NHKで連続ドラマにもなった人気時代小説シリーズ。4年ぶりに発売となった「特別巻」は、登場人物たちのその後を描いたボーナストラック巻でした。

収録されているのは4編で、各話で焦点が当たるのは種市たち江戸のつる家の面々、小松原とその妻、野江、そして澪と源斎先生。当たり前ですが、シリーズが大団円で終わっても、彼女たちの人生はまだ続いていたわけで。あれからもいろいろあって、でも変わらず元気にやってるんだな、と。個人的に一番ほっとしたのは、種市とりうさんが年齢の割にお元気そうだったことかな。今回、幼い頃の澪と野江を占った易者さんにもお墨付きもらってましたし、まだまだ現役で頑張ってくれそう。
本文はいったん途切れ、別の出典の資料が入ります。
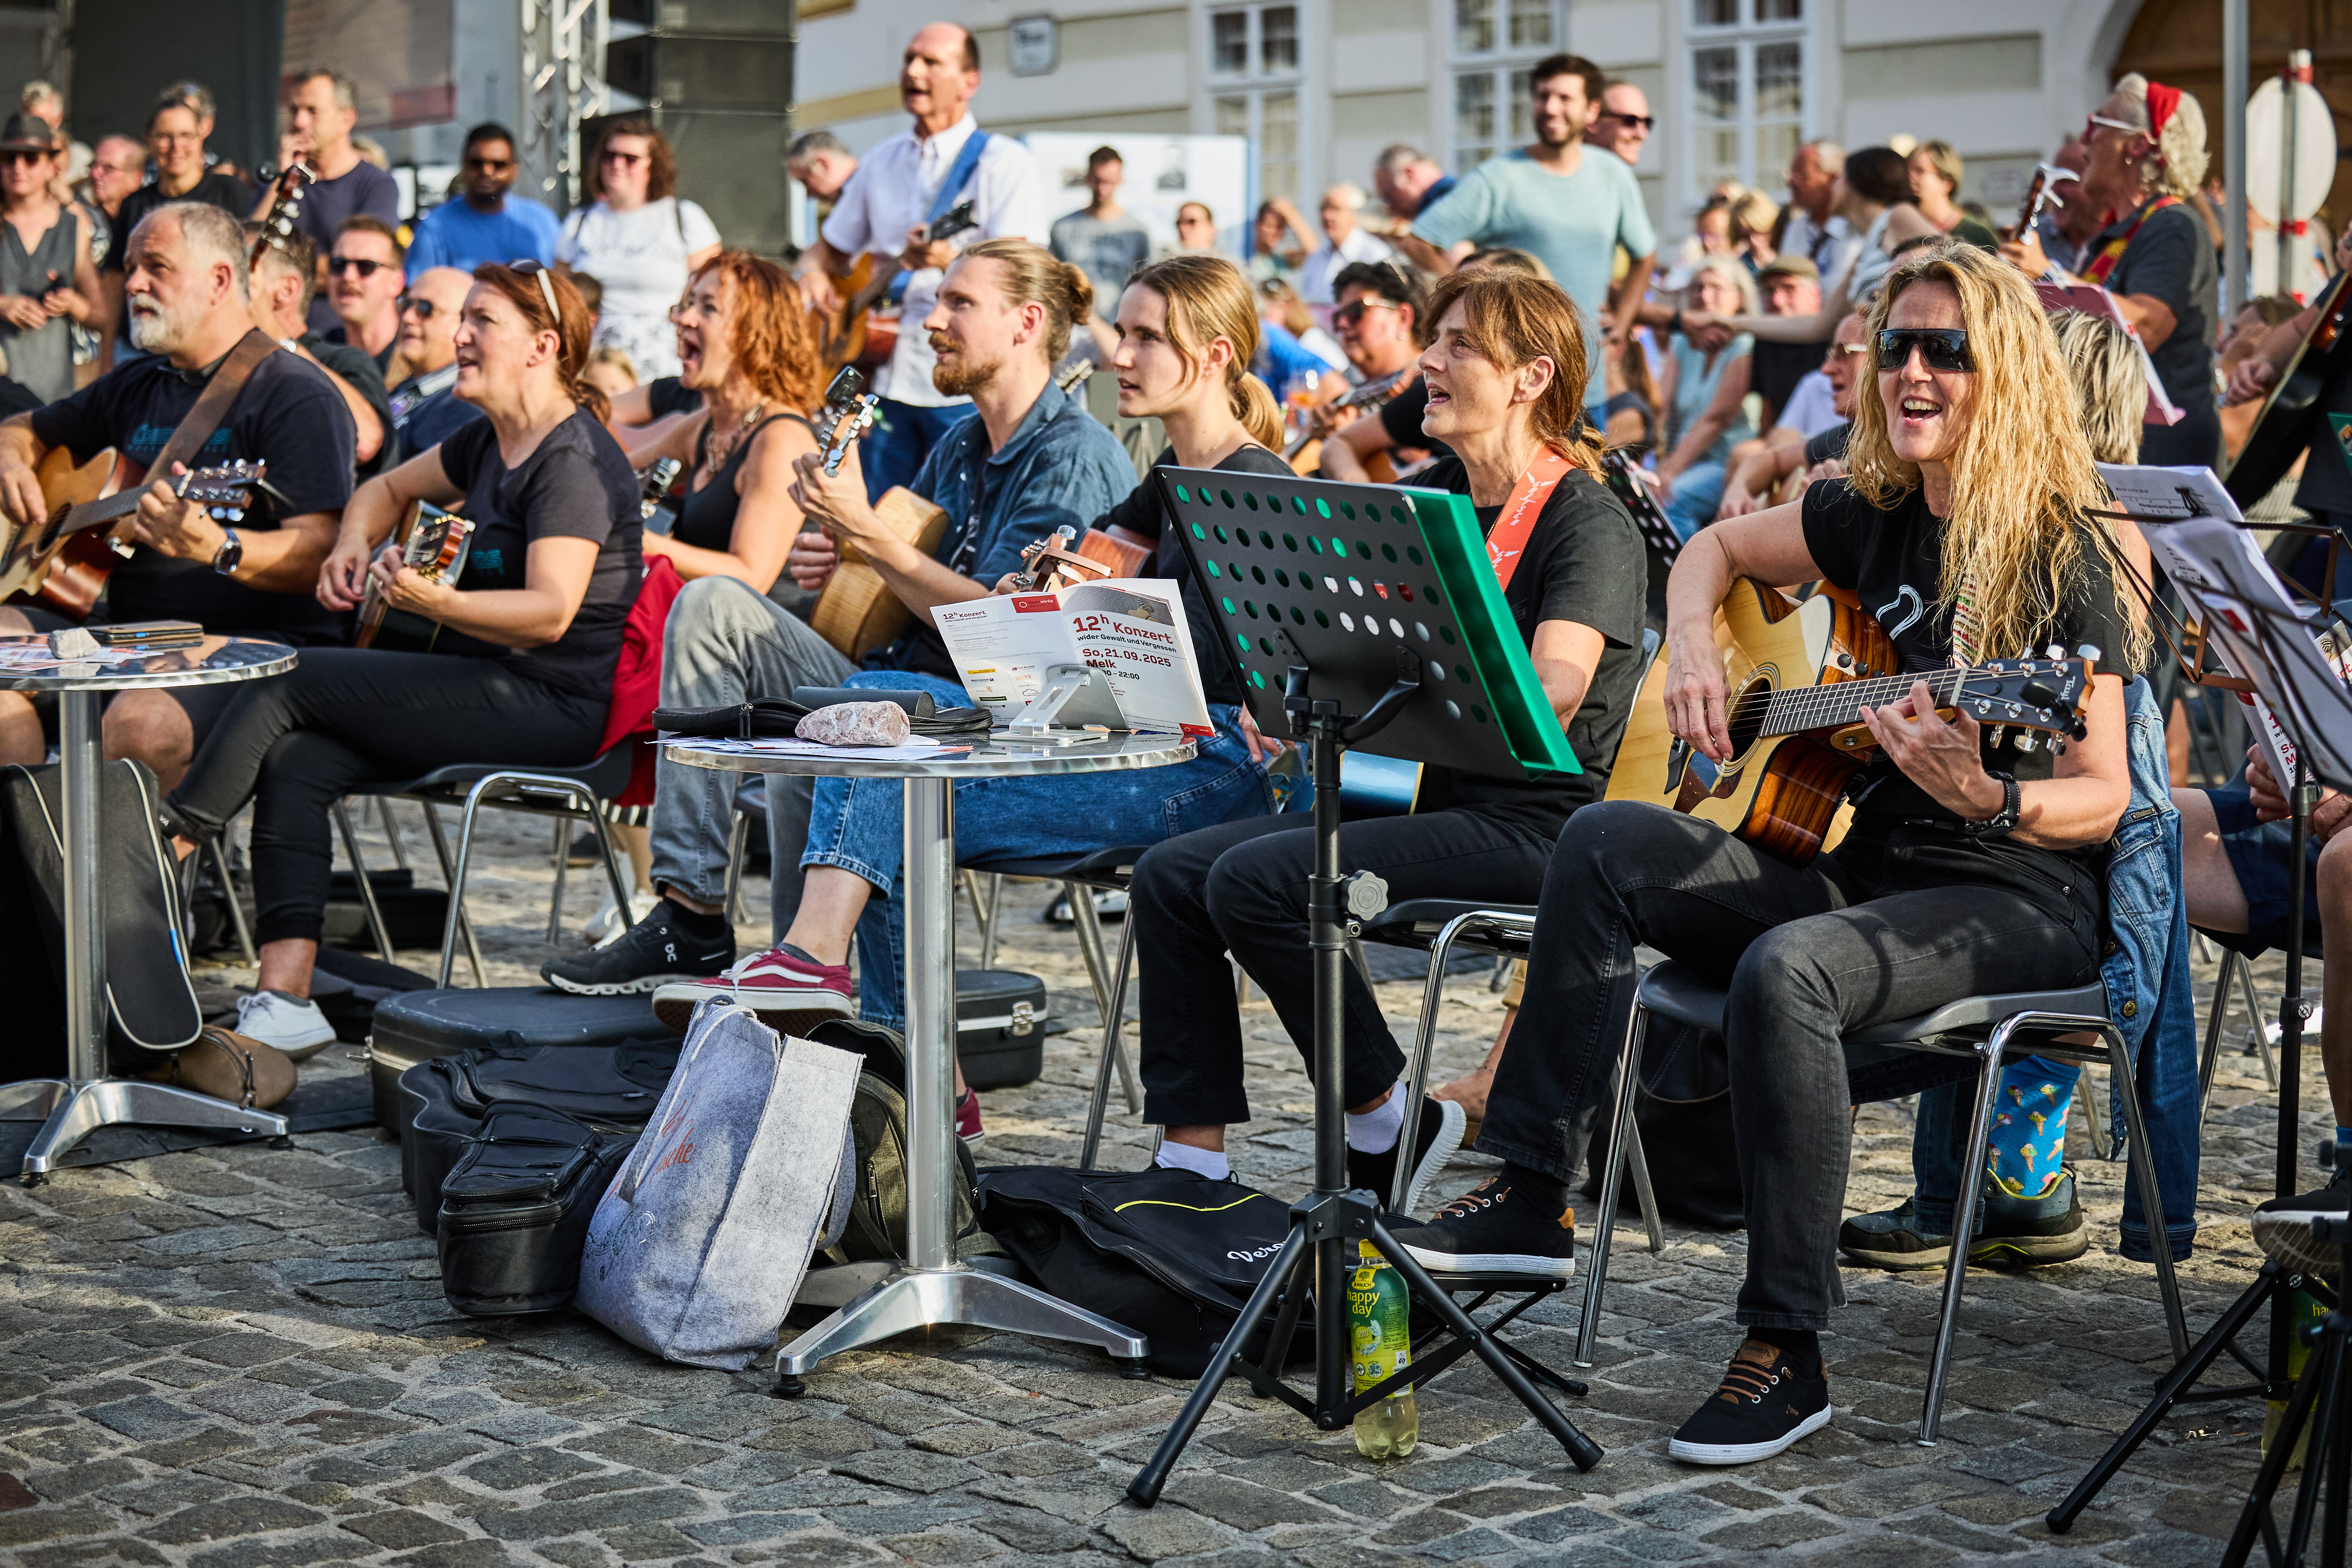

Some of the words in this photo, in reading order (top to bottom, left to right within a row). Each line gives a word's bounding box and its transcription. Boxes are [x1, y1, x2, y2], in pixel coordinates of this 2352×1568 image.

あと、成長したつる家の若者組の姿や、小松原の妻・乙緒の屈託を晴らした菓子とその後の会話、野江の又次への想いとそんな彼女がようやっと望み手にしたもの、そして、道に迷うこともあれど互いの務めを尊重し支え合いながら暮らしている澪と源斎先生――どの話も懐かしい人たちの近況を思いがけず知る機会に恵まれたという感じで、「花だより」という表題に相応しい内容でした。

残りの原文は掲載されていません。